Time to Stop Government Spin on the Hospital Parking Garage
Friends of Halifax Common (FHC) are calling on the Halifax Regional Municipal and Nova Scotia governments to scrap the $30 million dollar, 500-stall, 8-storey parking garage planned for the Nova Scotia Museum property as part of the proposed $2 billion dollar QEII hospital expansion.
The province has recently come to the city with yet a fourth version of the parking garage and pedway over Summer Street, flipping the orientation, increasing easement requirements and chewing up more of Halifax Common’s green space.
“It is time for the Mayor and Council to say to the Province that no parking garage is needed at all, and it is time to say that HRM’s policies are for no more loss of green space on the Common,” said Howard Epstein, FHC director. “Finally, Council needs to remind the Province that under section 213 of the HRM Charter it has pledged to take HRM land-use policies into consideration.” Epstein is a former City Councillor, 5-term MLA and planning professor at Dalhousie’s Schulich School of Law.
FHC maintains that the QEII hospital re-development should be restricted to Halifax Common lands already assembled by the Nova Scotia Health Authority. The Authority already plans additional underground parking under the new hospital buildings and a second 1000-stall parking garage on the former CBC-TV site. 20-25% of the Halifax Common is used for parking, the majority by the Health Authority.
In February, FHC presented a ~3,000 signature electronic petition to City Hall and to the NS Legislature. The signatories opposed plans for a 7-storey parking garage and steam plant on the south side of the NS Museum. A second HRM Council “compromise” plan with the Province to instead build these on a western portion of Summer Street failed. Now the third 8-storey parking garage option needs more easement and a new orientation.

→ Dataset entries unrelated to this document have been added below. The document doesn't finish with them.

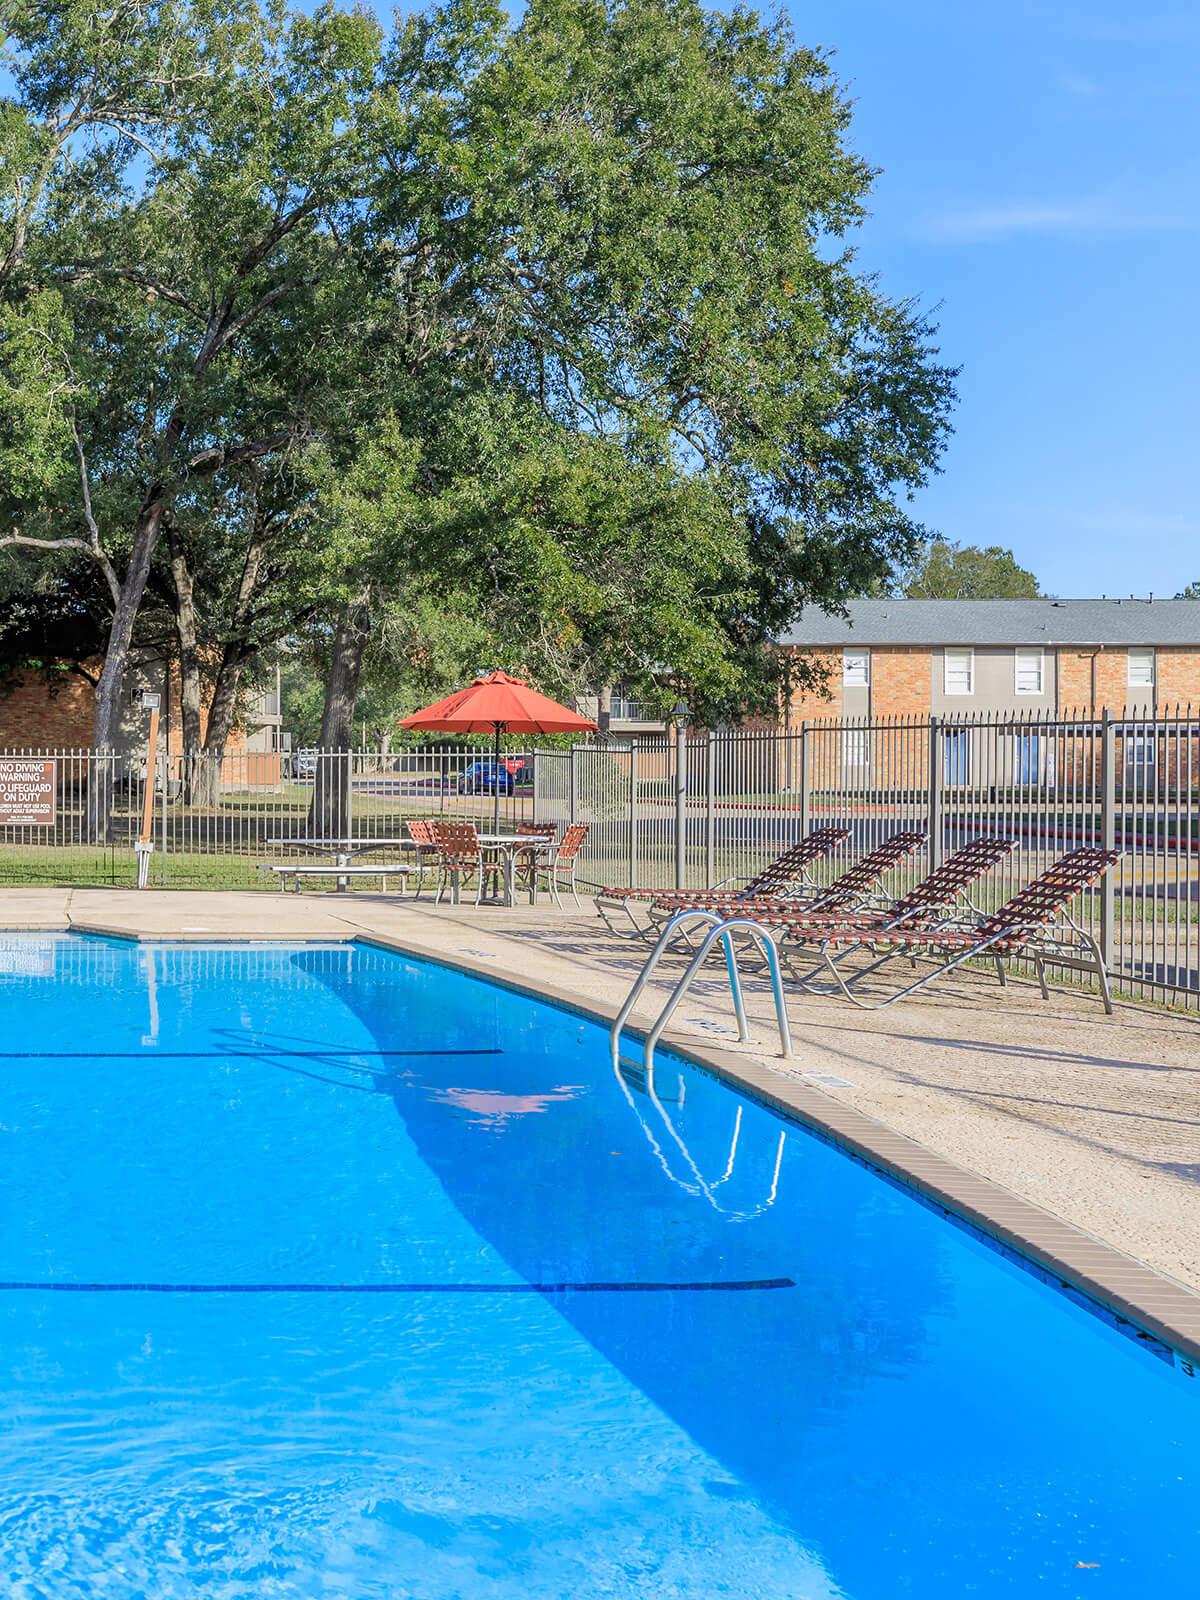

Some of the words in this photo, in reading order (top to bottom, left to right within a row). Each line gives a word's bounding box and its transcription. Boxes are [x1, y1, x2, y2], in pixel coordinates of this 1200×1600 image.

[0, 763, 13, 772] NO
[15, 763, 44, 772] DIVING
[0, 773, 40, 782] WARNING
[7, 783, 51, 792] LIFEGUARD
[3, 793, 17, 802] ON
[18, 793, 41, 802] DUTY
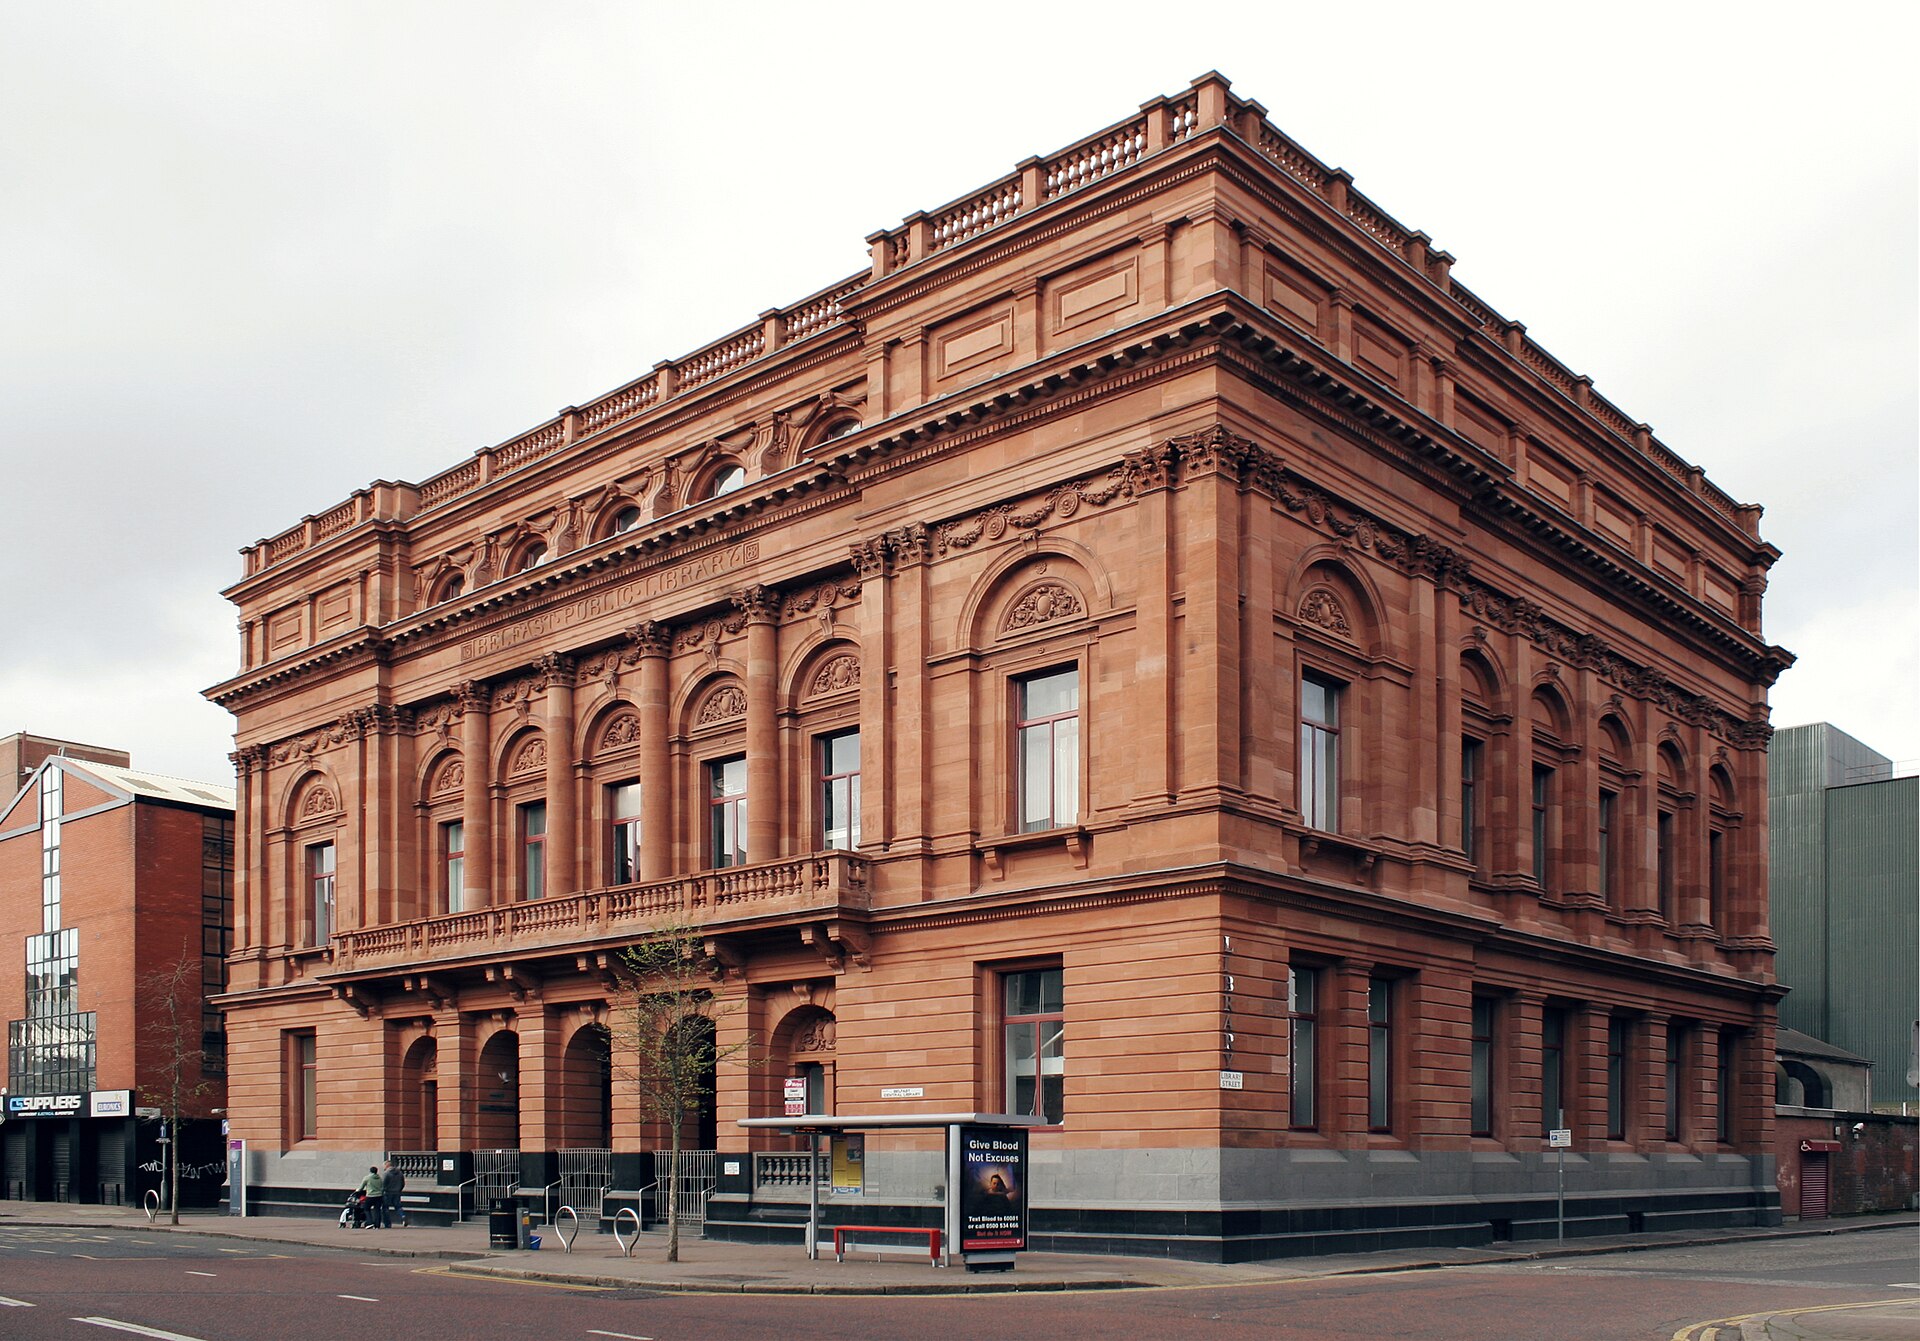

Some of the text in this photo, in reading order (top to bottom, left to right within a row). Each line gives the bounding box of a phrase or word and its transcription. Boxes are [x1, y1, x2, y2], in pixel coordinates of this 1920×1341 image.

[475, 546, 740, 654] BELFAST PUBLIC LIBRARY
[969, 1140, 1019, 1150] Give Blood
[968, 1152, 1019, 1163] Not Excuses

In a 2008 Memorandum of Understanding (MOU) about land swaps between HRM and the Province it was agreed ‘as a condition of sale, (that HRM and the Province) approve the key Urban Design Principles and Site Planning Guidelines’ and Collaborative Planning. So far the Province is not following that or any of the other conditions outlined in the MOU.
FHC believe that both levels of government need to work together and pursue better options to solve parking problems at the hospital. These could include park and ride, shuttle buses, employee e-passes, and car share arrangements.
It obvious that Lloyd Hines, NS Minister of Transportation and Infrastructure Renewal does not understand what a bad idea the new parking garage is. We are 10 years from a climate catastrophe, and the minister is fiddling while the city burns. The Mayor and Council should stop dancing to the tune.